There were 271 households, out of which 28.0% had children under the age of 18 living with them, 60.5% were married couples living together, 8.1% had a female householder with no husband present, and 26.6% were non-families. 22.9% of all households were made up of individuals, and 7.4% had someone living alone who was 65 years of age or older. The average household size was 2.39 and the average family size was 2.81.

In the town, the population was spread out, with 23.9% under the age of 18, 5.7% from 18 to 24, 25.6% from 25 to 44, 30.4% from 45 to 64, and 14.5% who were 65 years of age or older. The median age was 42 years. For every 100 females, there were 108.7 males. For every 100 females age 18 and over, there were 111.1 males.

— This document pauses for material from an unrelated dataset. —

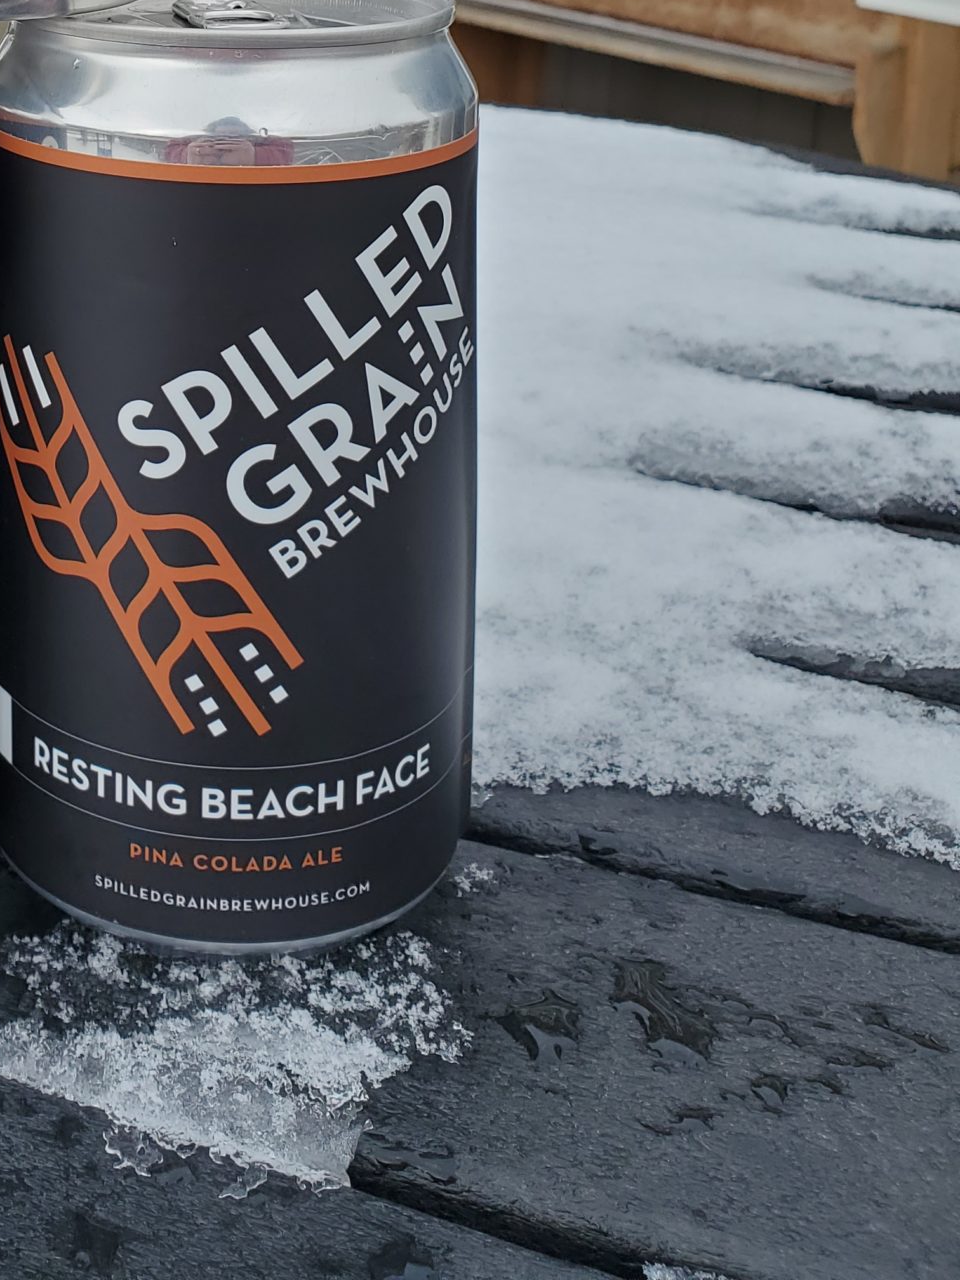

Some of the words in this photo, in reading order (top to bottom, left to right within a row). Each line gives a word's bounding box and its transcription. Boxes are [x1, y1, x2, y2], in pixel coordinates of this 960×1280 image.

The median income for a household in the town was $40,104, and the median income for a family was $48,125. Males had a median income of $32,417 versus $21,602 for females. The per capita income for the town was $19,229. About 3.3% of families and 5.7% of the population were below the poverty line, including 7.8% of those under age 18 and 4.8% of those age 65 or over.